To ensure the validity of such a normalization process, observe in Fig. 6 that the spread of the data remains the same for both nonnormalized and normalized datasets.

It can be concluded that the nonlinear decision function implemented with r = 3 performed better across the board in terms of accuracy, sensitivity, and specificity over SVM. For the data considered, experimental results reveal that a higher degree in the nonlinearity (r > 3) does not necessarily improve the classification results, but that an increase in processing time is experienced as anticipated: for r = 2 it took about 6 min and for r = 3 it took about 7 min), since it takes more time to generate more weight elements. But it is important to be able to change this degree of nonlinearity if other more data is to be taken into consideration in the future, as more subjects consent to be part of this study. Furthermore, unlike the gradient descent methods, the computational complexity of SVM does not depend on the dimensionality of the input space, which is a powerful characteristic of SVM. However, with the rescaling (normalization) of the data, the NDF method performed at a much faster rate. It is important to emphasize again that once the decision function is generated in the training phase, the same decision function is used in the testing phase. More importantly, with the use of NDF, the process of transforming the input data to a new feature space as required in SVM prior to the classification process is no longer necessary for the case of NDF.

Conclusions

Our study demonstrated the feasibility of detecting seizures on iEEG using an automated detection algorithm based on the gamma frequency range and embedding nonlinear decision functions for classification purposes in a 2D decisional space. We have shown that the power measurement in the gamma range from 36 to 44 Hz contains the necessary information to discriminate seizures with a sensitivity of 96.3%, a specificity of 96.8%, and an accuracy of 96.7%. These results were obtained with a nonlinearity degree of 3 (these are polynomials of the third order), and where the two most discriminating features that constituted the 2D decisional space were determined to be: (1) the time duration (the number of consecutive points) where the value of each given point in the inter-electrode mean signal S μ exceeded the set statistical threshold \( T = \overline{{S_{\mu } }} + \sigma , \) and (2) The maximum value of S μ in that specific interval.

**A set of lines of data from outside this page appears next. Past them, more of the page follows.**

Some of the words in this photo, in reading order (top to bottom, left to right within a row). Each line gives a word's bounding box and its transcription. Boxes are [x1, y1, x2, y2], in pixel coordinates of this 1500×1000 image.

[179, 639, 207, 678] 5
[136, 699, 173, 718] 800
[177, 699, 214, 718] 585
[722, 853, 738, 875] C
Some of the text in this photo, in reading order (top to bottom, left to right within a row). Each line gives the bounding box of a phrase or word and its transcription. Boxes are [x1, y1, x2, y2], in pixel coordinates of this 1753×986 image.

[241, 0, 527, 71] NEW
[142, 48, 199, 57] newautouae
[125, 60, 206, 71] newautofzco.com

Of particular value is the generalized nature of the algorithm, and its feasibility in the absence of patient-specific training data. This feature is demonstrated most clearly by the test characteristics in patients who were not part of the training data. In general, it is worth mentioning that although only 22% of the files were used randomly for creating the detector, high measures in sensitivity, specificity, and accuracy were achieved. It is also interesting to note that no cross-validation was performed during the training phase of the detector (decision function); yet, good testing results were obtained.

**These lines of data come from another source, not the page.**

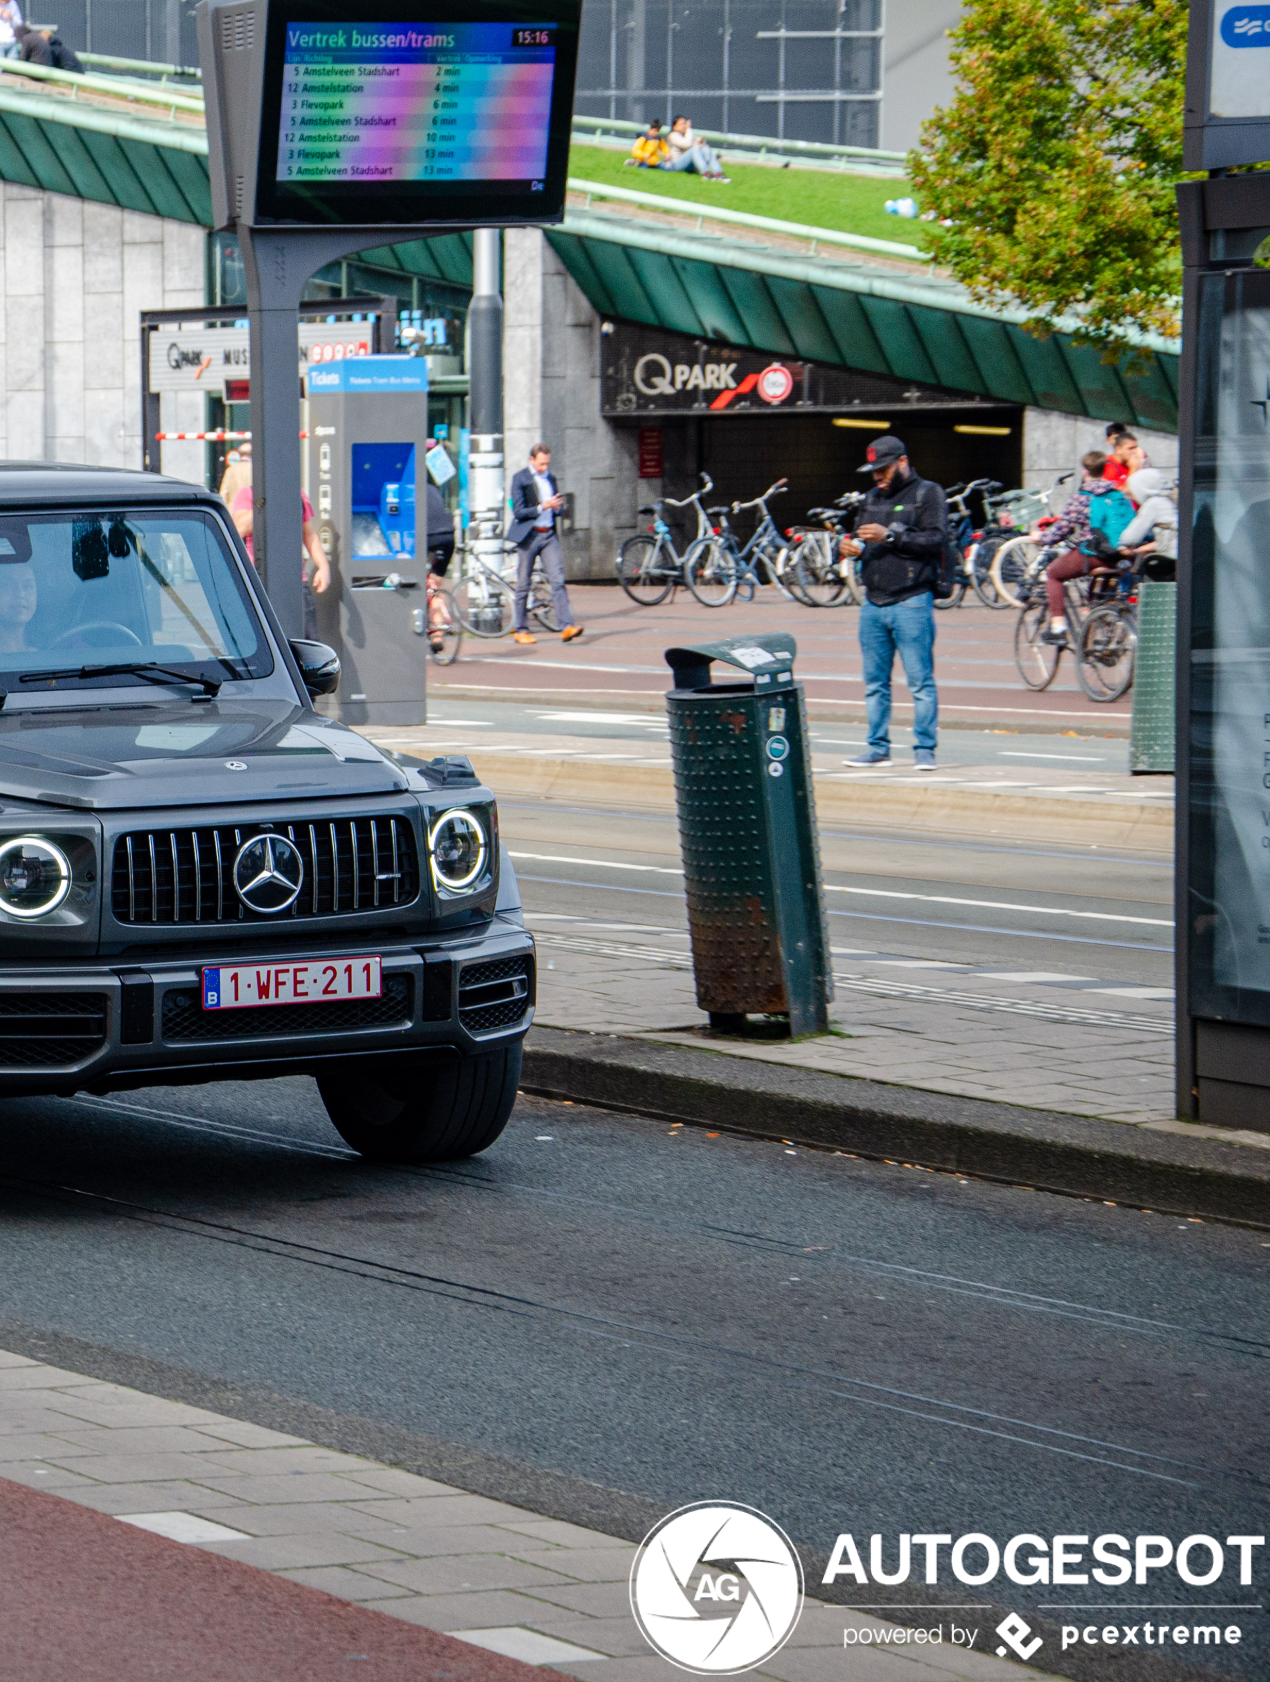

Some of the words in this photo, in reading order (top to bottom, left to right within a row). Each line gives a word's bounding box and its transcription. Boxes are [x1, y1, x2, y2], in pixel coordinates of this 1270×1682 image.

[288, 30, 347, 47] Vertrek
[351, 30, 455, 48] bussen/trams
[517, 30, 549, 44] 15:16
[294, 66, 300, 76] 5
[303, 66, 355, 76] Amstelveen
[357, 66, 400, 76] Stadshart
[435, 66, 442, 76] 2
[443, 66, 461, 76] min
[287, 83, 298, 93] 12
[301, 82, 364, 93] Amstelstation
[434, 83, 440, 93] 4
[442, 83, 460, 93] min
[292, 99, 297, 109] 3
[300, 99, 344, 111] Flevopark
[433, 99, 439, 109] 6
[441, 99, 458, 109] min
[290, 116, 296, 126] 5
[299, 116, 351, 126] Amstelveen
[354, 116, 397, 126] Stadshart
[432, 116, 438, 126] 6
[440, 116, 457, 126] min
[284, 133, 295, 142] 12
[298, 132, 360, 143] Amstelstation
[426, 132, 437, 142] 10
[439, 132, 455, 142] min
[288, 149, 294, 159] 3
[297, 149, 340, 160] Flevopark
[425, 149, 436, 159] 13
[437, 149, 454, 159] min
[287, 165, 293, 175] 5
[296, 165, 348, 176] Amstelveen
[350, 165, 392, 175] Stadshart
[423, 165, 435, 175] 13
[436, 165, 453, 175] min
[310, 370, 341, 386] Tickets
[207, 991, 219, 1004] B
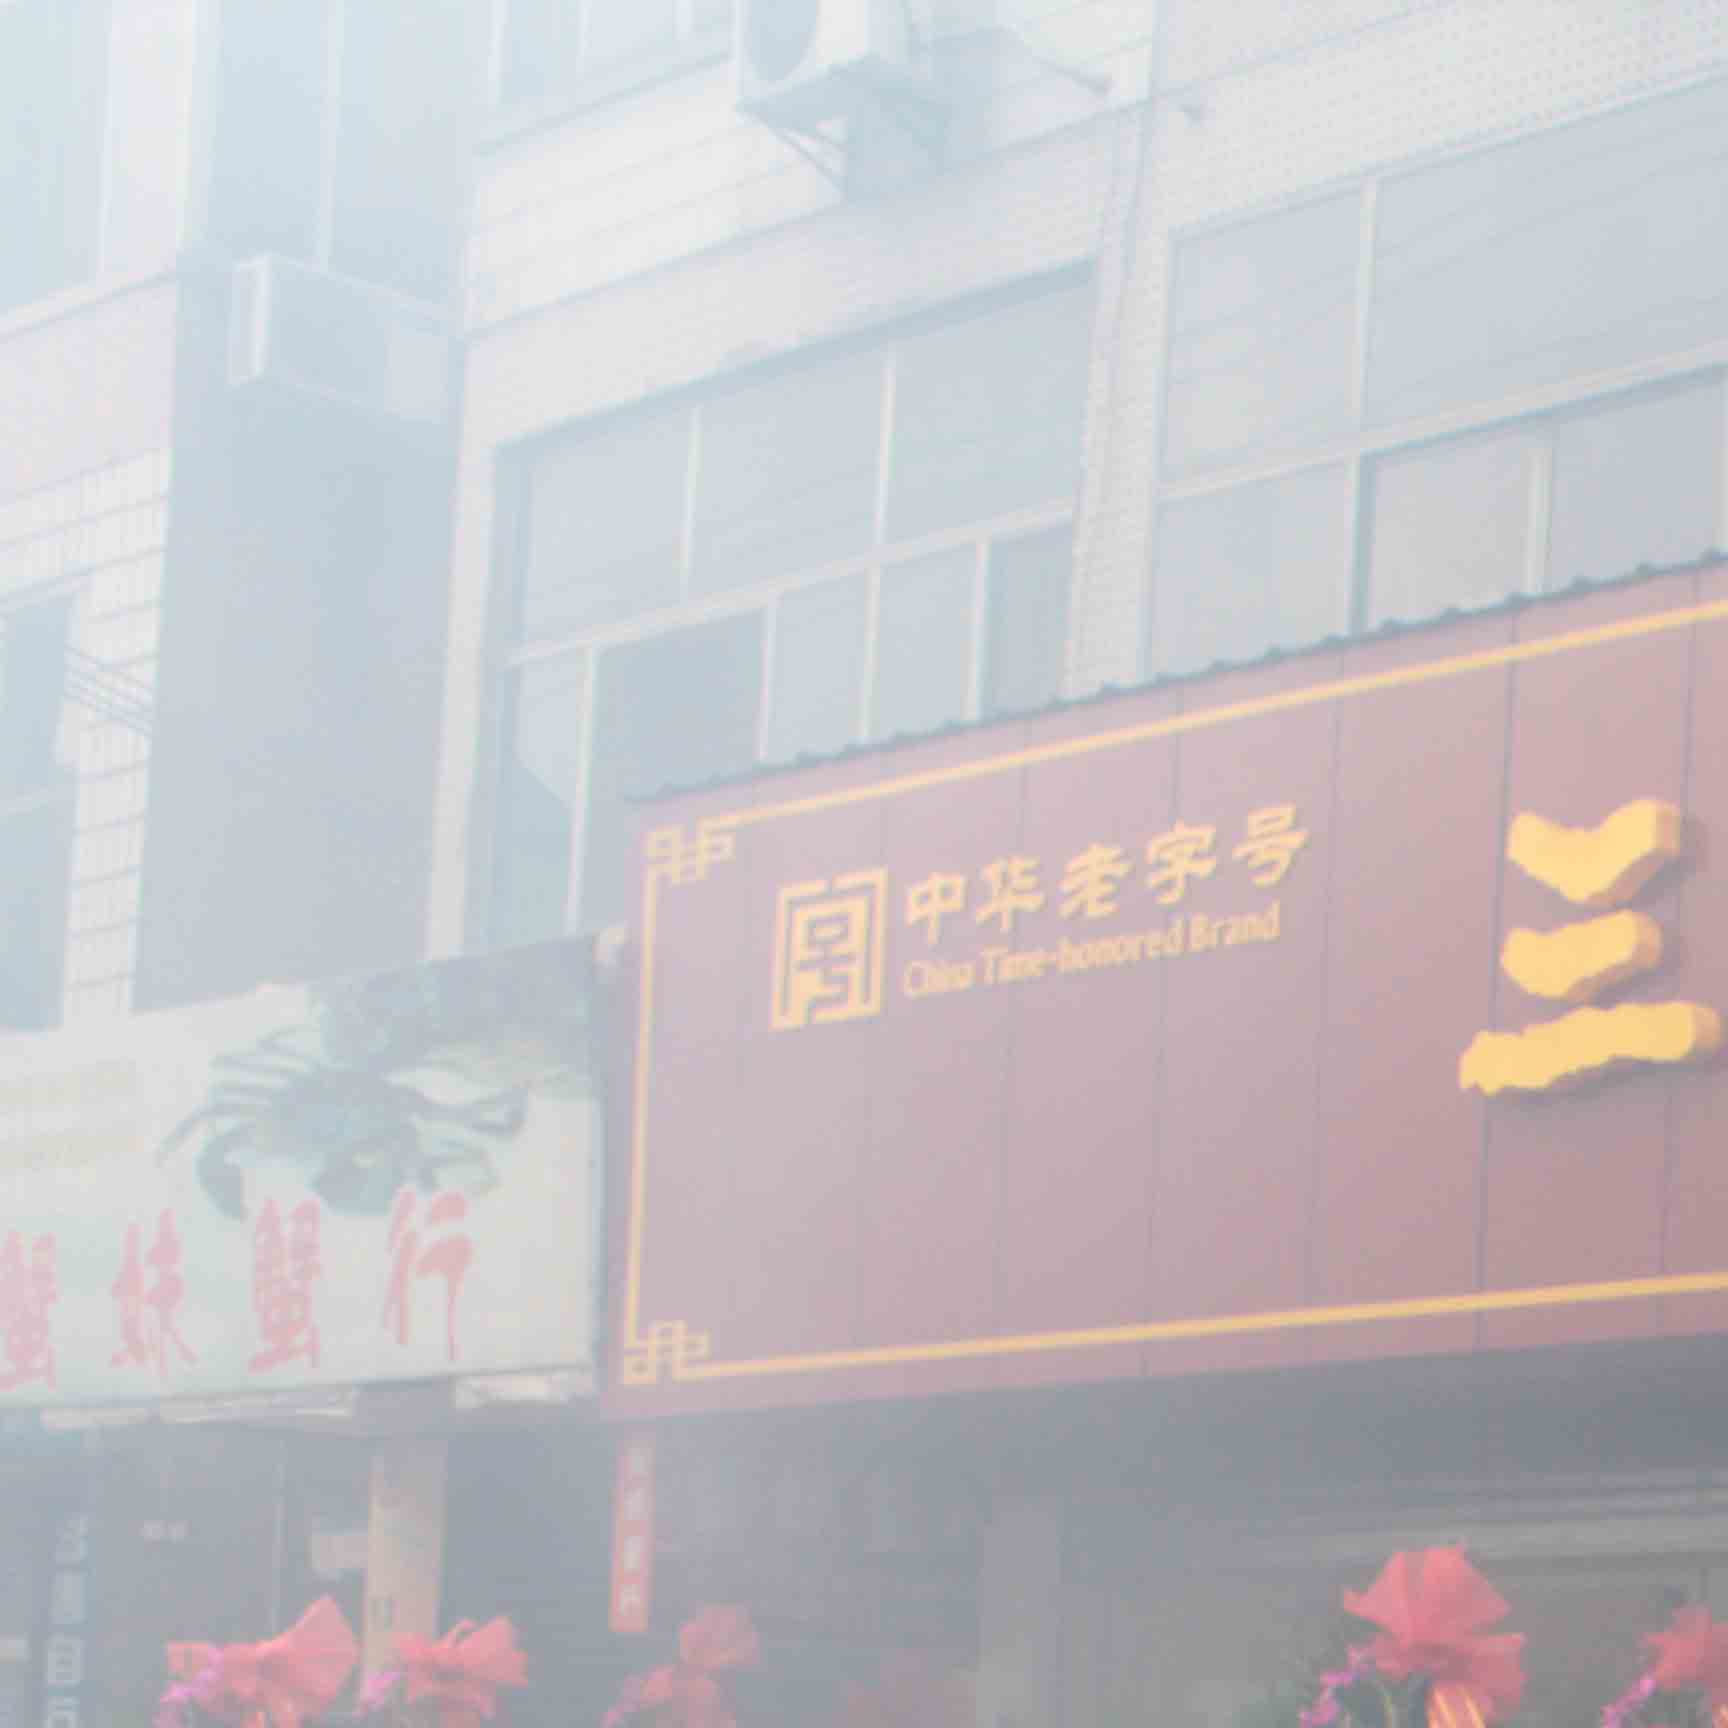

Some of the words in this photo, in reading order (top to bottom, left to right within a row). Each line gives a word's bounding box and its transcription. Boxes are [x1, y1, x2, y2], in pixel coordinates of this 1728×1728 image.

[906, 804, 1305, 944] 中华老字号
[1190, 899, 1281, 952] Brand

The computational requirements for creating the nonlinear decision functions during the training phase and the ensuing results during the testing phase reveal additional findings that are quite interesting: the data clusters of seizure files seem more spread out than those data clusters of files not leading to seizures, which clearly prove that seizures which are atypical events obviously vary greatly among subjects, and that such nonlinear decision functions are most capable of delineating such wide-ranging behaviors.

The study has so far included 14 patients who underwent two-stage epilepsy surgery with subdural recording, and whose iEEG data were obtained sequentially. We anticipate gaining more insight into the findings reported in this study as more patients in the future will consent to be included in this study. It is expected that as more data are collected, the more understanding will be gained into the clustering characteristics of epileptogenic data. Our future efforts will also be directed toward extending this approach by using the principal component analysis17,25,28 to establish other discriminating dimensions in order to increase the domain of analysis from 2D to 3D or even higher dimensions for more elaborate decision planes.